Sadly people with this problem of visual dyslexia can never reach their full potential. Without treatment, there are significant limitations in the development of aspects associated with speech, reading, writing and numeracy. There can lead to secondary behavioural problems such as poor self esteem and frustration.
Unless a teacher or parent is skilled in the identification of the faults in vision, a child may be misdiagnosed and frequently regarded as lazy, forgetful and inattentive, or even slow, thick or stupid. Thus, it is important that children be identified early in their schooling, in order to correct the eye problem and curb the negative effects of poor schooling ability.
Based on government studies, the British Dyslexia Association estimates that 10% of children have some degree of dyslexia, while about 4% will be affected severely.

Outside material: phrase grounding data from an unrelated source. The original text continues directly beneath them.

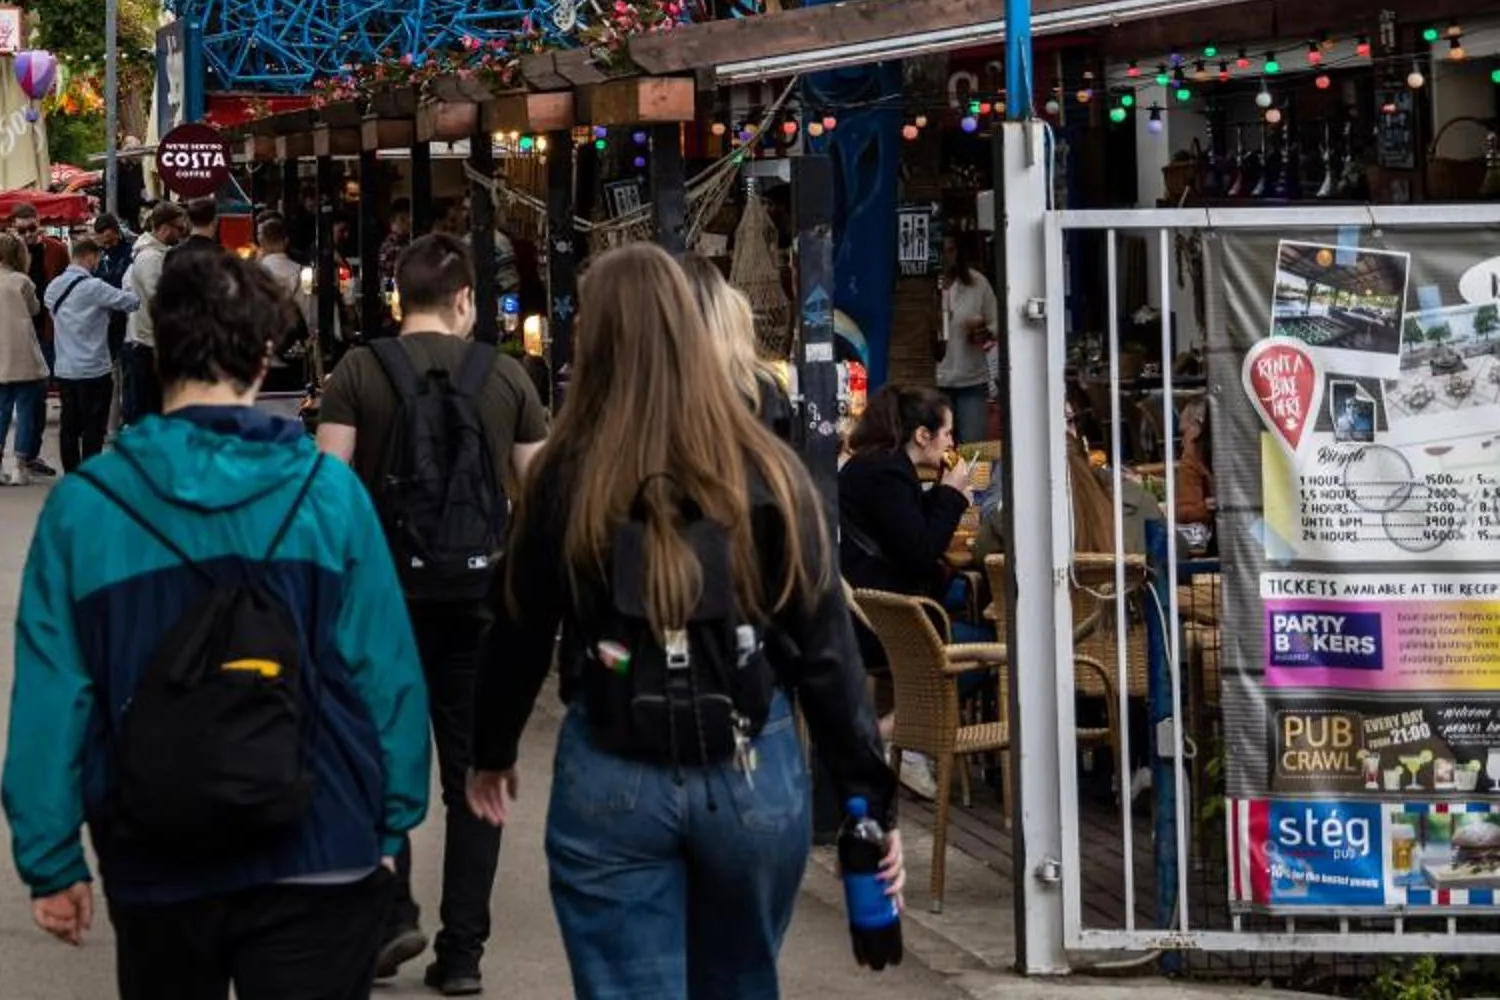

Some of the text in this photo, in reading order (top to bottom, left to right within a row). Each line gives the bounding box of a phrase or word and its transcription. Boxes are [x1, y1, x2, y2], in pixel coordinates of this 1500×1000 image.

[165, 143, 223, 151] WE'RE SERVING
[161, 151, 226, 169] COSTA
[175, 170, 212, 178] COFFEE
[1268, 579, 1337, 596] TICKETS
[1343, 583, 1406, 595] AVAILABLE
[1411, 583, 1425, 595] AT
[1432, 583, 1454, 595] THE
[1274, 614, 1346, 633] PARTY
[1364, 714, 1400, 733] EVERY
[1402, 709, 1424, 726] DAY
[1284, 715, 1353, 748] PUB
[1390, 723, 1431, 744] 21:00
[1283, 749, 1356, 771] CRAWL
[1279, 808, 1370, 857] stég
[1334, 848, 1356, 862] pub
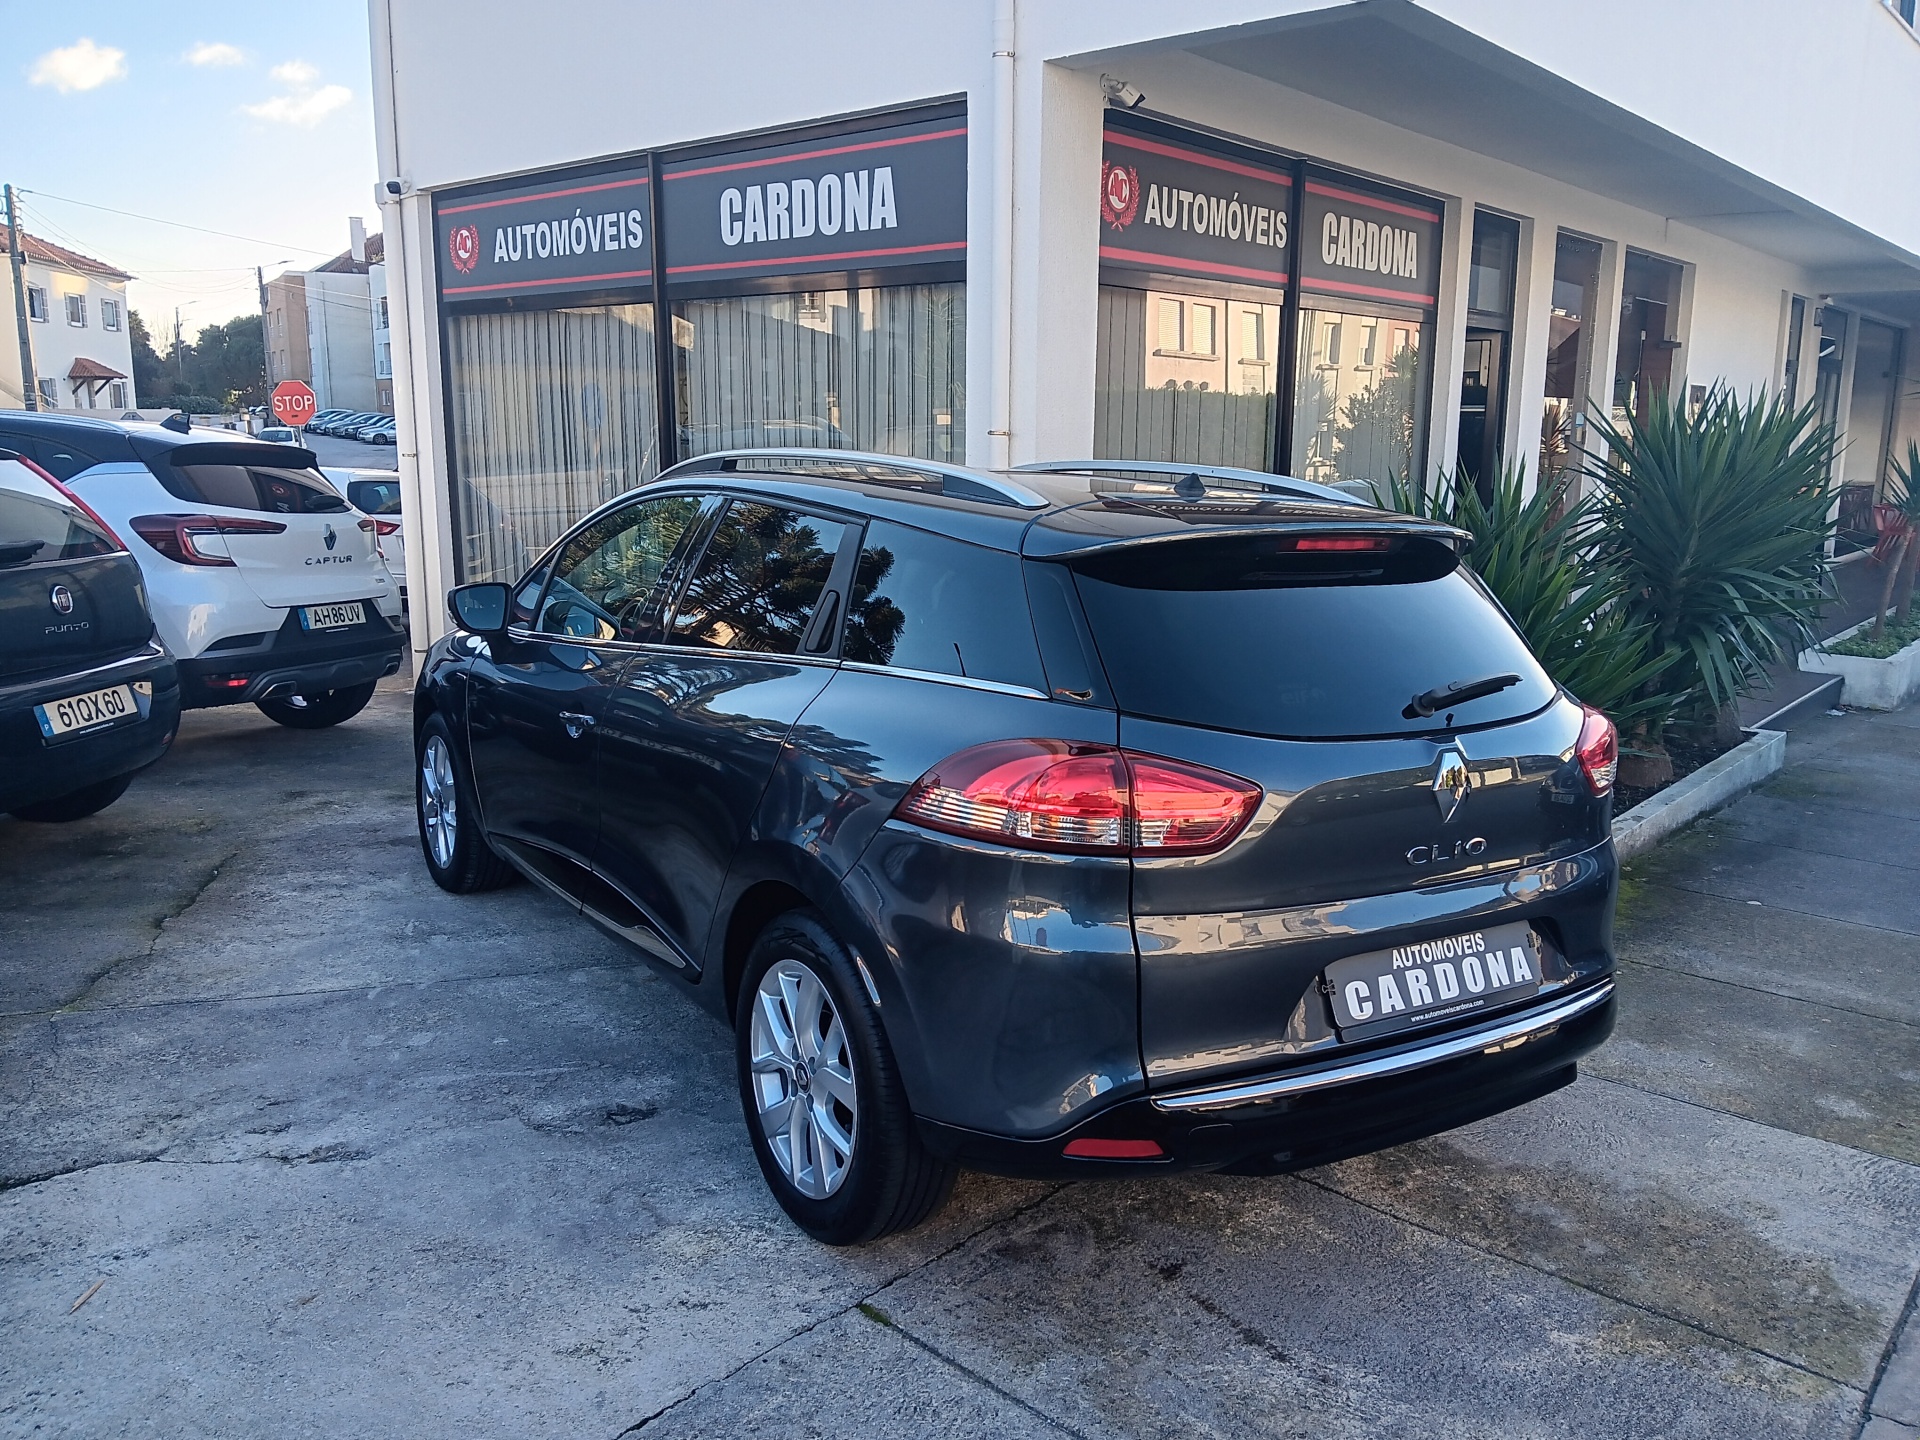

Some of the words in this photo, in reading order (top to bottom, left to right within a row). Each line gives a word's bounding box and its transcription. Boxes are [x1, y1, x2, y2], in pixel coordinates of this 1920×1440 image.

Most will need some specialist support at some time during their school life, but the most severely affected may need such help throughout their eduction, with support even at college and university.
Signs & Symptoms of Dyslexia
DO a quick checklist here!
Not every sign or symptom of the profile presents itself in each person, although there is usually evidence of a sufficient cluster of these to lead to a diagnosis.
It should be noted that faults in vision tend to run in families, so there may be a history of it. Asking parents however, may not be enough, as often a parent will not have recognised it when he/she was at school. Many only realise the condition once their children are diagnosed.